Comparison on the 15-taxon datasets. The 15-taxon datasets evolved on a caterpillar species tree under very high ILS (AD = 82%), the highest ILS considered in this study. We explored performance under two sequence lengths (100 bp and 1000 bp) and varied the number of genes from 10 to 1000. Results on the 15-taxon datasets (Figure 8) showed very close performance between ASTRID and ASTRAL-2. On the 100 bp alignments and on 1000 bp alignments with at least 100 genes, the two methods could not be distinguished. However, on 1000 bp alignments with at most 50 genes, ASTRAL-2 had an advantage over ASTRID.

Figure 8

A comparison of ASTRID and ASTRAL-2 on the 15-taxon simulated datasets for two different sequence lengths. The 15-taxon datasets evolve down gene trees generated by a caterpillar tree with very high ILS (AD = 82%), the highest ILS condition explored in this study. We report mean RF rates and standard error over 10 replicates.

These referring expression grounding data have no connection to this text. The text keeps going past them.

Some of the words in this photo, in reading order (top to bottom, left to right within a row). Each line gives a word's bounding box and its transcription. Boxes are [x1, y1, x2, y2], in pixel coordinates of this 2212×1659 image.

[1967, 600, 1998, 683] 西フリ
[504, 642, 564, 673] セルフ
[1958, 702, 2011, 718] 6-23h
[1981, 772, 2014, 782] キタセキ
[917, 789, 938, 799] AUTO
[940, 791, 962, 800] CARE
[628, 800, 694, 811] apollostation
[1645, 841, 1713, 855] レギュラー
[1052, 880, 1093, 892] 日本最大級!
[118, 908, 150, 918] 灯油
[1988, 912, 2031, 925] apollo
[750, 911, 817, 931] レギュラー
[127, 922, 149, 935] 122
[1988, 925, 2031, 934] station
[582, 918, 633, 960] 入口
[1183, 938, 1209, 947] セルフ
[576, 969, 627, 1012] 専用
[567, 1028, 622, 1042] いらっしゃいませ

Comparison on the 10-taxon datasets. The 10-taxon datasets evolved under two different ILS levels-high and very high, and we explored performance on both true and estimated gene trees; see Figure 9. In general, ASTRID and ASTRAL-2 had very close accuracy on these data, but there were some cases where they had different accuracy levels. For example, on the high ILS condition with estimated gene trees, ASTRAL-2 was more accurate than ASTRID for 200 genes, and ASTRID was more accurate than ASTRAL-2 on 25 genes.

Figure 9

Results on true and estimated gene trees on 10-taxon datasets with two ILS levels (high and very high). All gene sequence alignments have 100 bp. We report RF rates and standard error bars over 20 replicates.

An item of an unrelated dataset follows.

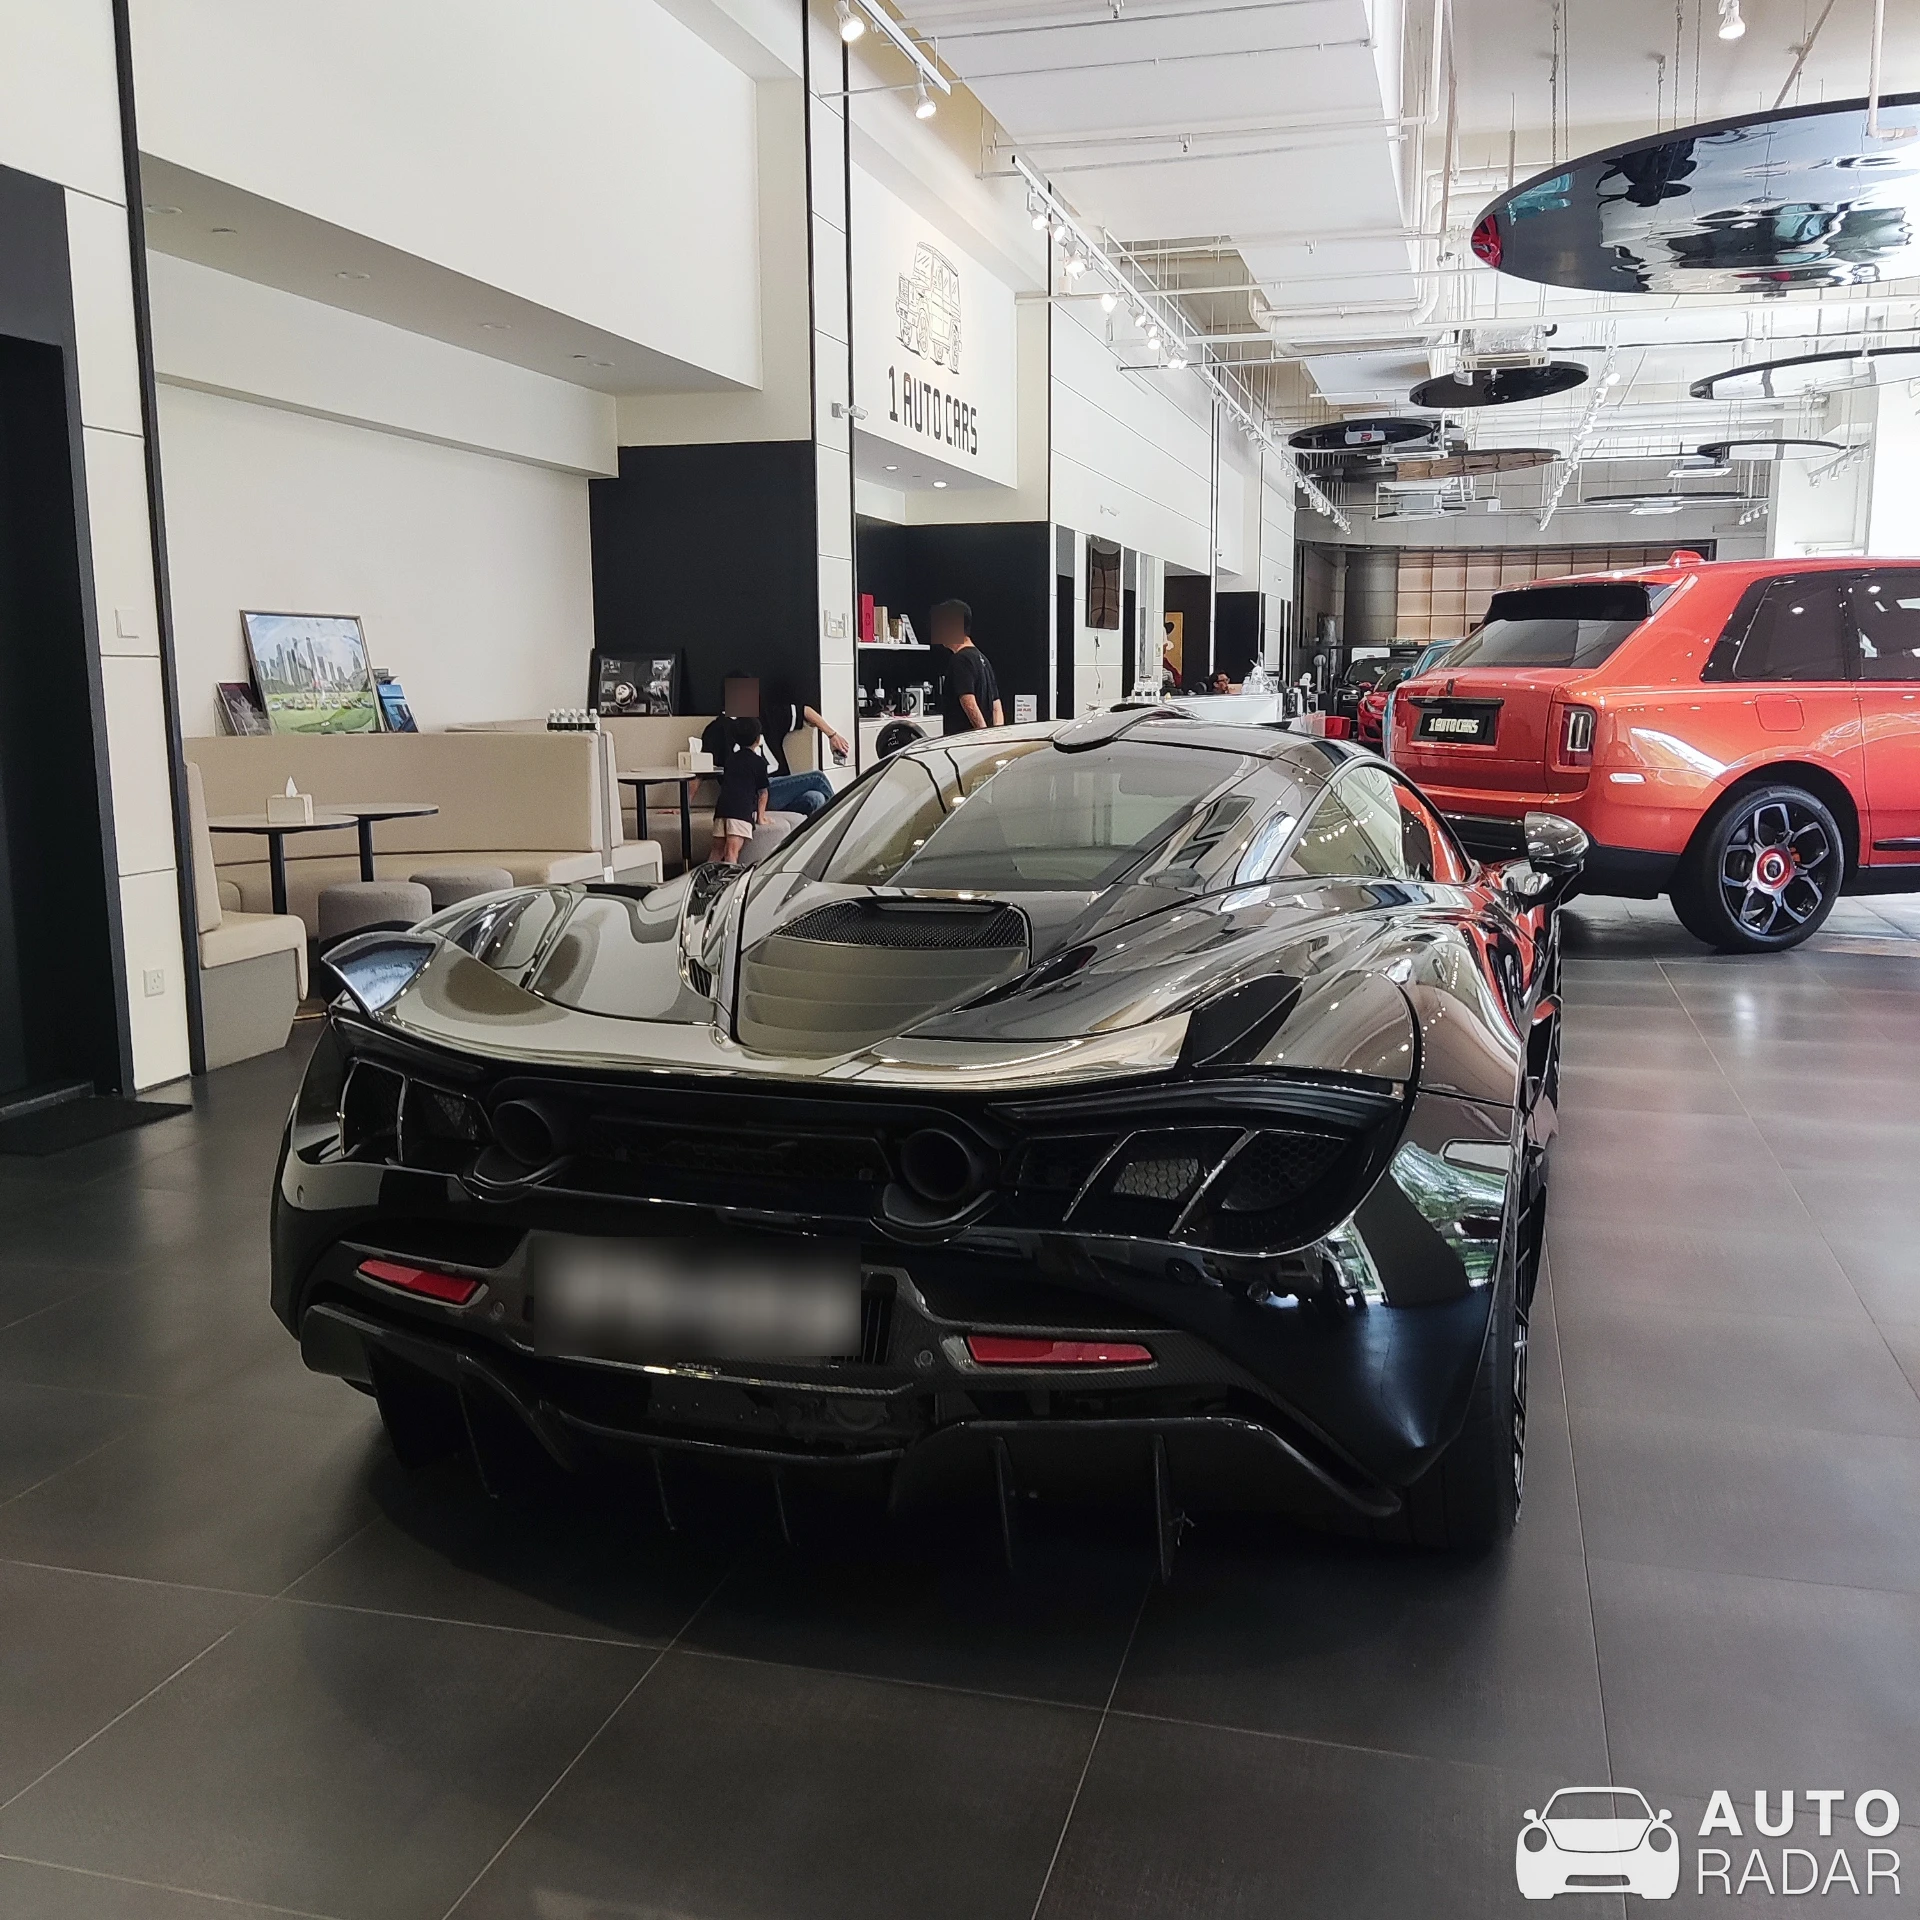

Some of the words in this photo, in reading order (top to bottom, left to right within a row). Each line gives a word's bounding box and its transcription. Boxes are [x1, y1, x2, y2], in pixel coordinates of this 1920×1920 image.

Performance on incomplete gene trees

We explored the impact of missing data on ASTRAL-2 and ASTRID by deleting taxa from gene trees in the 50-taxon datasets (MC8) from the ASTRAL-2 collection, using 150 bp per gene, and varying the number of genes and the amount of missing taxa; see Figure 10. ASTRAL-2 and ASTRID had very similar topological accuracy throughout these experiments. With low amounts of missing data (20% to 40% missing taxa from each gene tree), both methods had very good accuracy (below 5% tree error) by 500 genes. With 60% of the taxa missing from each gene tree, the error rates increased for low numbers of genes (above 20% RF error for up to 100 genes), but then declined to about 10% by 1000 genes. With 80% of the taxa missing from each gene (so that all gene trees have only 10 taxa out of 50), error rates were very high with 25 genes (at least 85% RF), but decreased quickly with increases in the number of genes, so that at 500 genes the error rate was 24%, and then at most 18% at 1000 genes. The trends suggest that the error rates had not plateaued, and that adding additional incomplete gene trees should result in continued improvement.

Figure 10

Results on 50-taxon ASTRAL-2 dataset (MC8) with missing taxa and sequence lengths of 150 bp. We report RF rates and standard error over 50 replicates.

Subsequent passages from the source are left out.